### Exercise prompt:
The expected result is the run of lines from the one containing "Some of the text" to the end of the listing, copied exactly.

### Data under study:
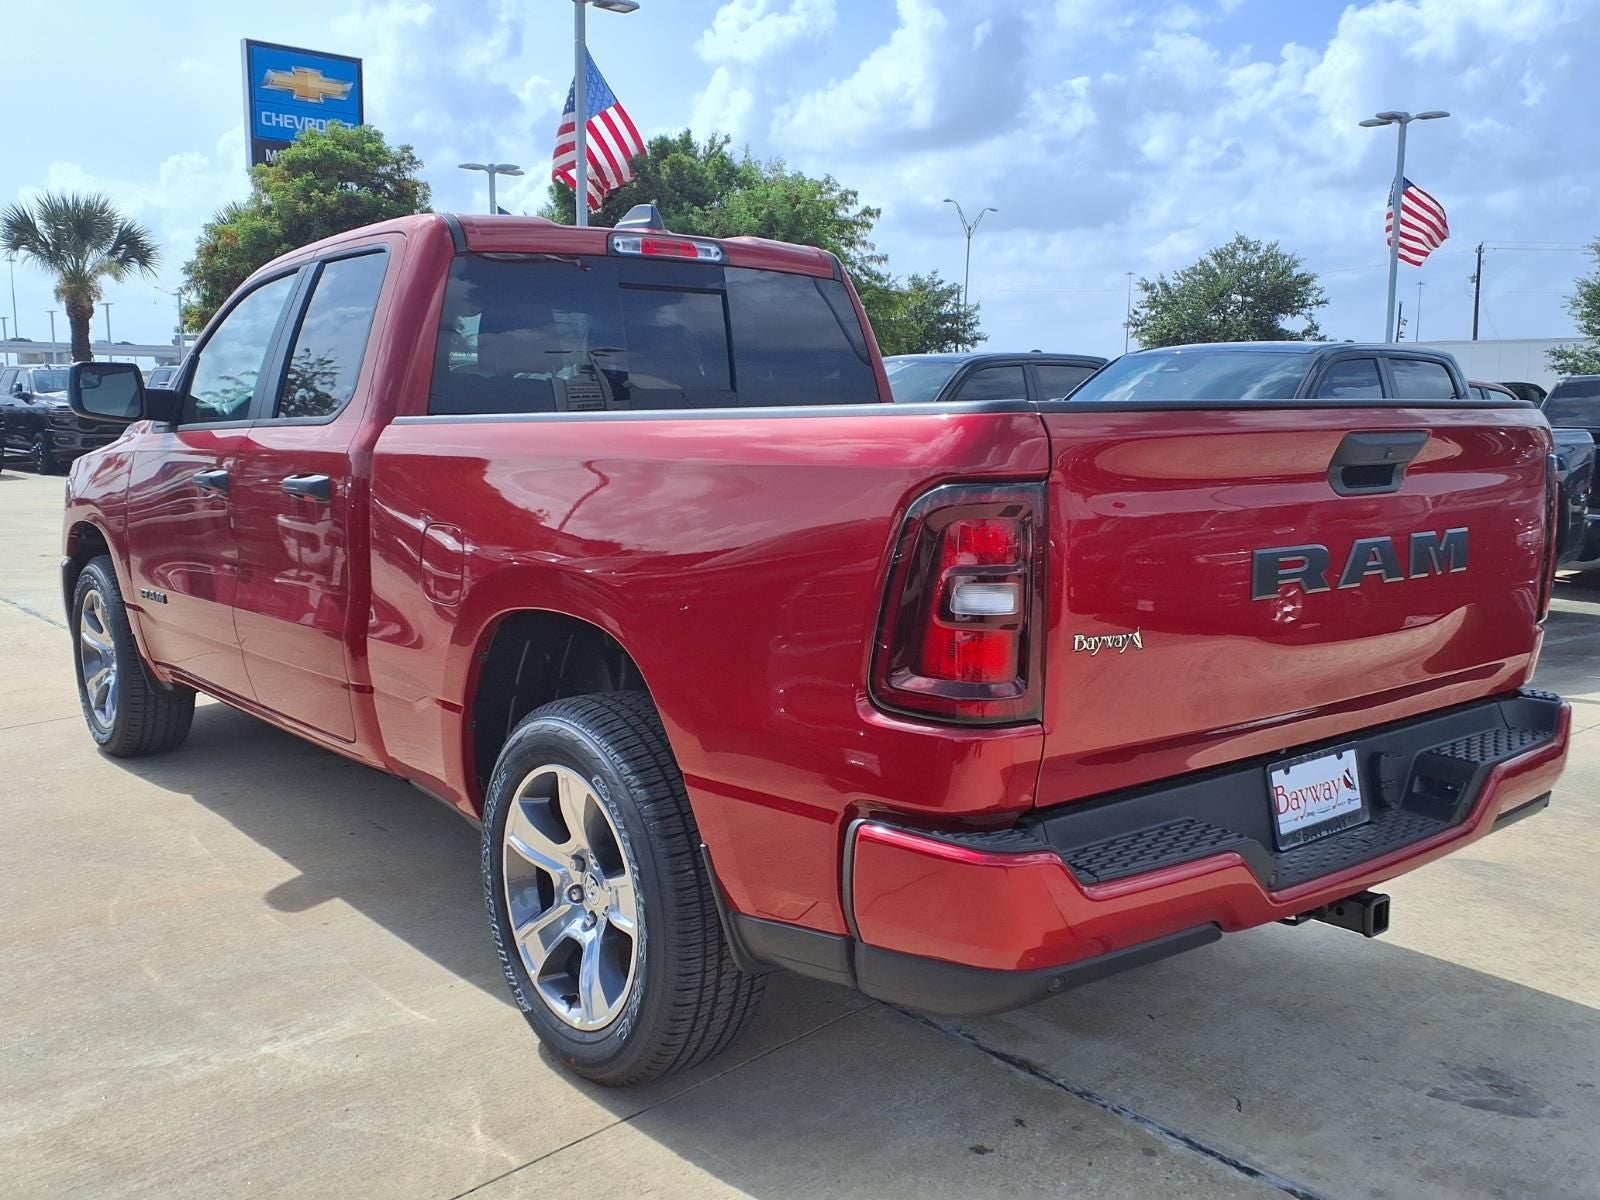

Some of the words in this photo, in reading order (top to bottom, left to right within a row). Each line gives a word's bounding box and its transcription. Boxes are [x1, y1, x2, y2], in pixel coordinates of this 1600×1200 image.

[261, 111, 356, 133] CHEVROT
[1252, 527, 1469, 600] RAM
[140, 588, 168, 604] RAM
[1073, 633, 1134, 656] Bayway
[1273, 777, 1341, 820] Bayway
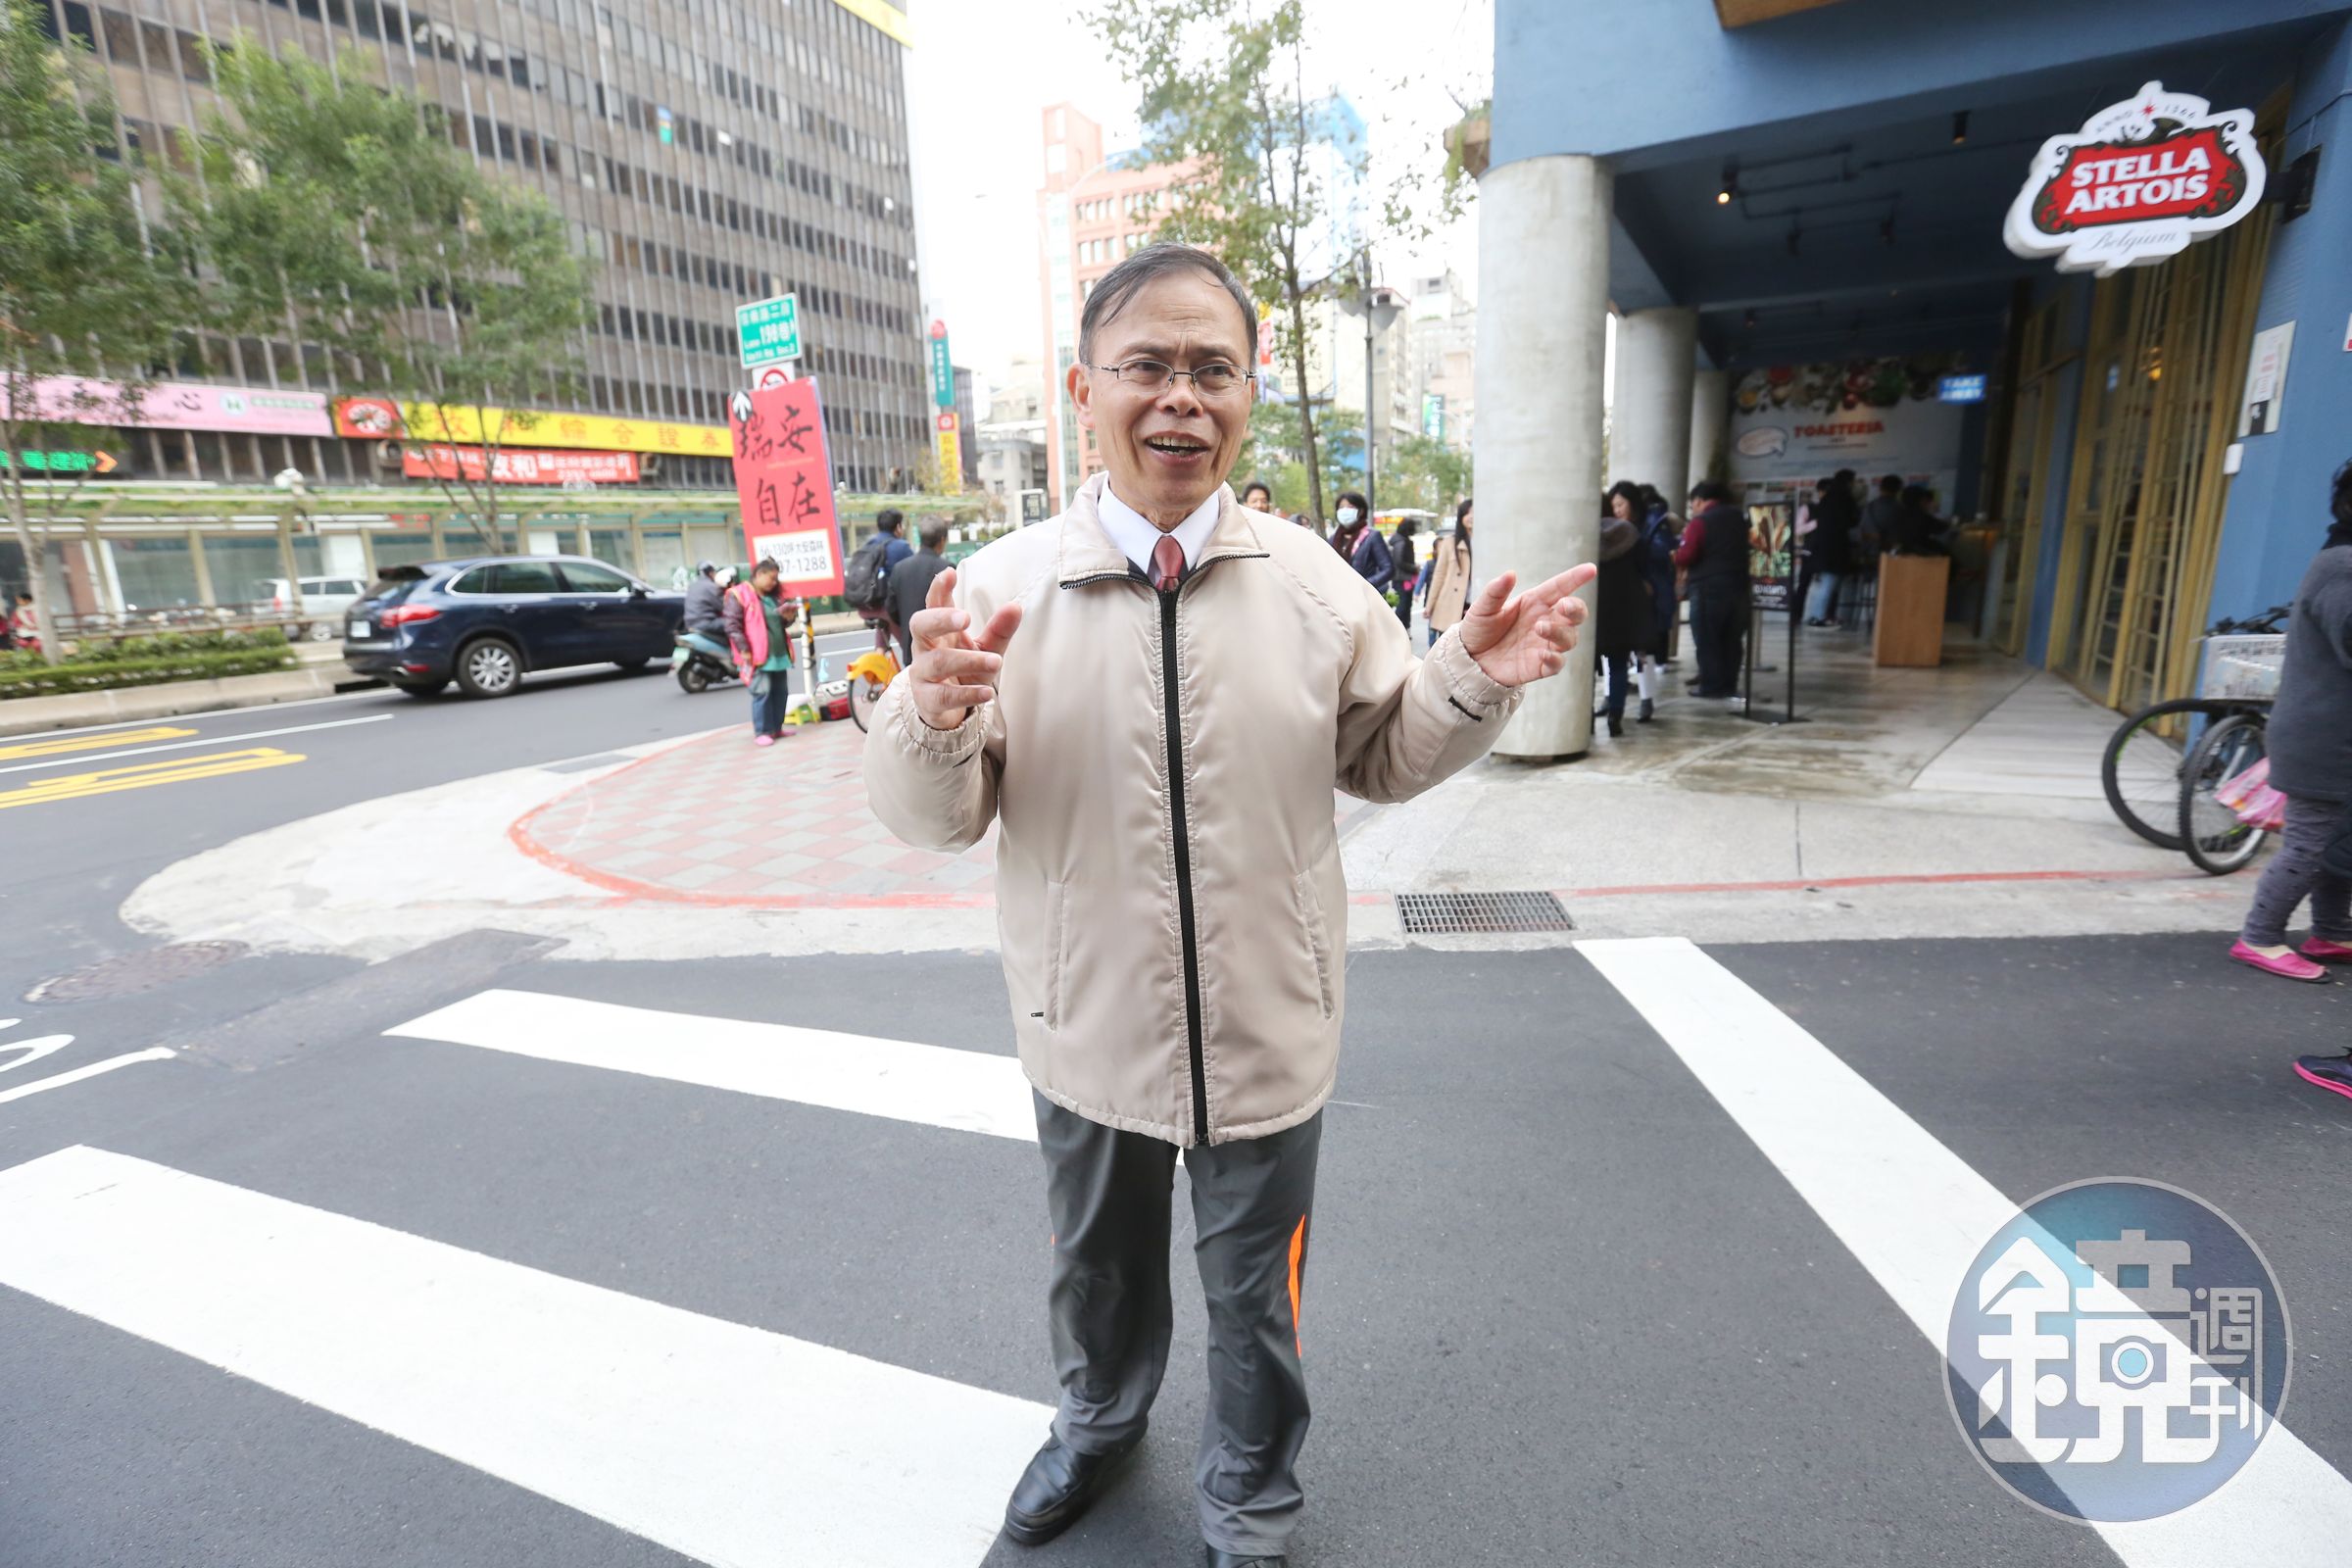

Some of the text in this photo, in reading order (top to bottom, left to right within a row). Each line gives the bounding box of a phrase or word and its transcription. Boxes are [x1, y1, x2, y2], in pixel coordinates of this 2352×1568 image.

[2070, 146, 2212, 188] STELLA
[2063, 172, 2209, 216] ARTOIS
[2086, 227, 2179, 256] Belgium
[755, 470, 821, 526] 自在

### Response area:
Some of the text in this photo, in reading order (top to bottom, left to right within a row). Each line gives the bounding box of a phrase or word and its transcription. Boxes are [x1, y1, x2, y2], in pixel coordinates of this 2352×1568 image.

[2070, 146, 2212, 188] STELLA
[2063, 172, 2209, 216] ARTOIS
[2086, 227, 2179, 256] Belgium
[755, 470, 821, 526] 自在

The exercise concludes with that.